Omo Valley, Ethiopia. The Tribal Epitome of Exquisite Fashion
“Pure, intense emotions. It’s not about design. It’s about feelings.”
— Alber Elbaz
Ralph Lauren once said that fashion is something that comes from deep within you. I find a wide truth in this words, at times, style is so mighty that it manifests who you are without words spoken. All my life I've believed in this refined yet grand power of apparel to compose us through colors, textures, fabrics, pigments and shapes into who we are inside.
There's a side of feminism which states that make up and glamour are oppressive. I gravely disagree; the first time I maked up was when I was nine years old, I never stopped. I've colored my face every single day with the same excitement and nervousness of the painter who's facing a white canvas because I believe that not spending any time for oneself and not taking any care of our appearance is also hiding.
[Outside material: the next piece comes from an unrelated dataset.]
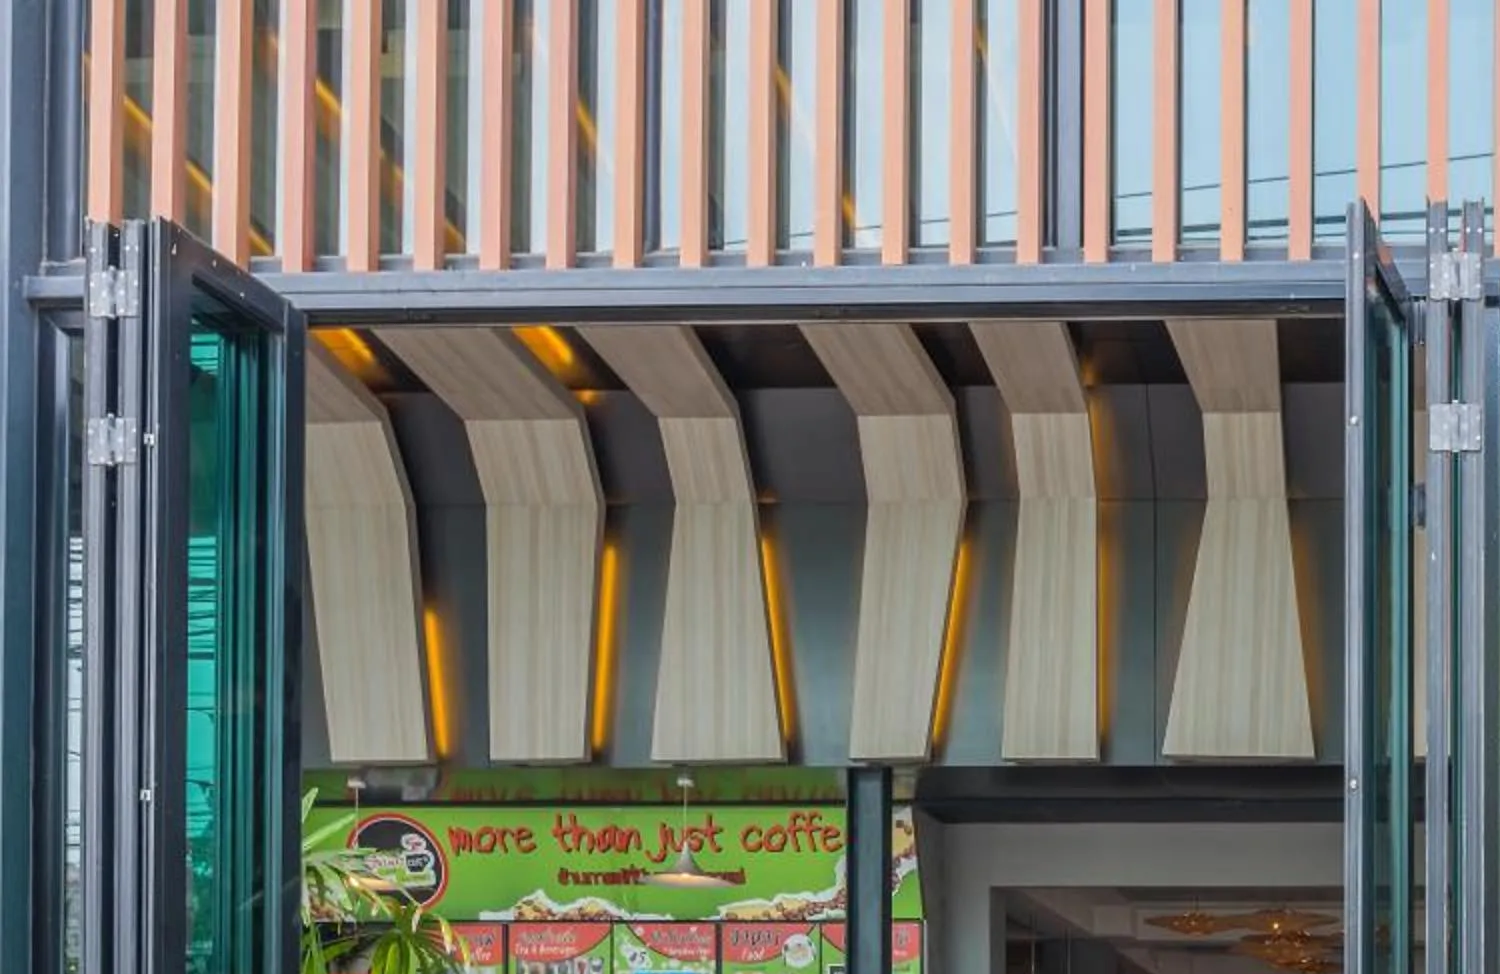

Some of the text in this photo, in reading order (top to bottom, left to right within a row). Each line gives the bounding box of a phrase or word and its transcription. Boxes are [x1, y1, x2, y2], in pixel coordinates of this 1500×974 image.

[447, 811, 843, 863] more than just coffe
Neglecting our bodies, our faces, our skins and our hairs is wasting something beautiful, unique and unrepeatable.
Perhaps the Surma and the Mursi people from Omo Valley, southern Ethiopia, are the sharpest and most excelling example of this.
The ethnic groups that live in the lower Omo Valley are considered to be one the most mesmerizing, unique and exceptional tribes, not only in the continent of Africa but around the world.
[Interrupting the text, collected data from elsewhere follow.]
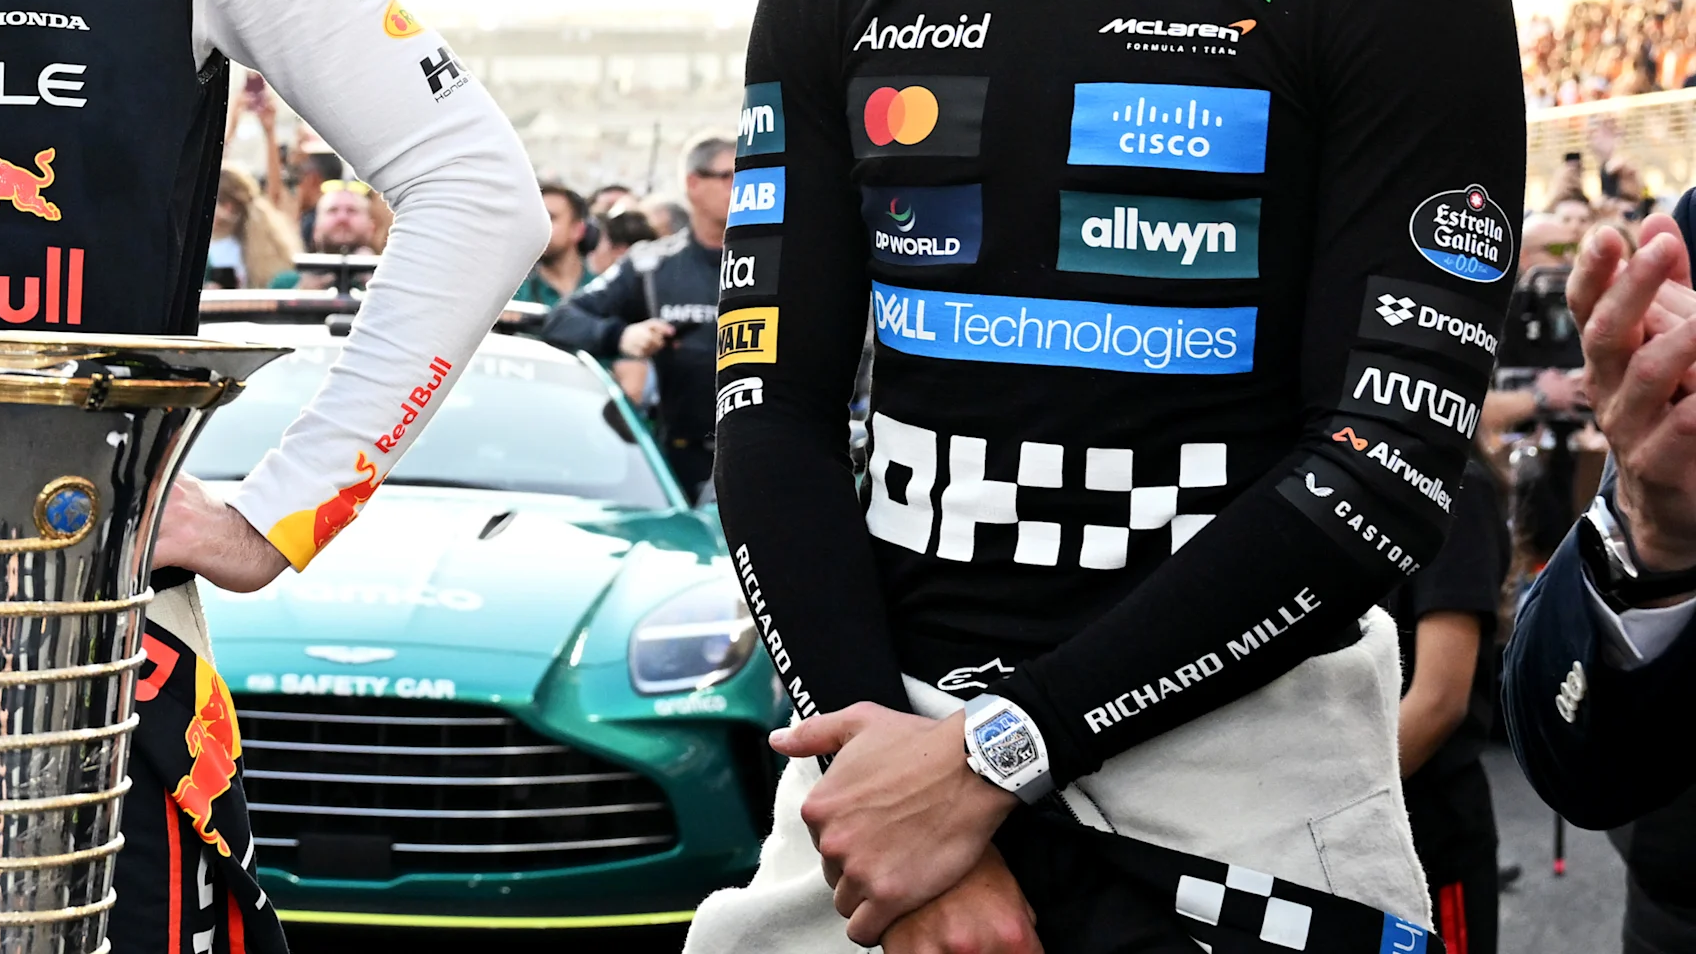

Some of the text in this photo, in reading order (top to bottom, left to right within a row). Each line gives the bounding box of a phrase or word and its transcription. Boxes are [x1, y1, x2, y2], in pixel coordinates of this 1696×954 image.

[853, 13, 992, 52] Android
[1098, 18, 1240, 42] McLaren
[1126, 42, 1184, 52] FORMULA
[1204, 46, 1237, 56] TEAM
[875, 230, 961, 256] DP WORLD
[1080, 206, 1238, 264] allwyn
[1433, 203, 1503, 242] Estrella
[1434, 225, 1499, 263] Galicia
[874, 290, 1238, 369] DELL Technologies
[1418, 305, 1499, 357] Dropbox
[374, 356, 453, 454] Red Bull
[1367, 441, 1453, 514] Airwallex
[736, 544, 792, 674] RICHARD
[1084, 586, 1322, 734] RICHARD MILLE
[281, 673, 387, 698] SAFETY
[395, 675, 456, 699] CAR
The secluded land where this people live tells the enthralling story of humanity's birth; the lower Omo Valley and Lake Turkana are home for some of the earliest remains of Homo Sapiens fossil fragments, fossils which span four million years of human evolution. Due to this discoveries, the area has been declared World Heritage Site by UNESCO.
In the Mursi tribe, decisions are taken by the Jalaba, a council consisting of the longest-lived men of the community. One of their main activities is beekeeping for honey production, and their language (Mursi) is one of the most difficult lingos in the continent. However, what aces them beyond the hoi polloi is their precious sense of style which they achieve by the dauntless use of flowers, feathers, shells, leafs, fruits and several colorful pigments derived from nature.
Lamentably the vivid and peaceful lives of this people are being perturbed by the construction of an immense dam, being built by the Italian company Salini Costruttori, edification which began in 2006 with a budget of 1.4 billion euros and is forcing the displacement and the rapid fracturing of this sole Omo Valley societies along with the drying of the area's ancestral river.
Perhaps this will this be the end of a stunning culture and it's long rooted traditions. Or, perhaps, the strong spirit of the Surma and the Mursi will outlast devastation.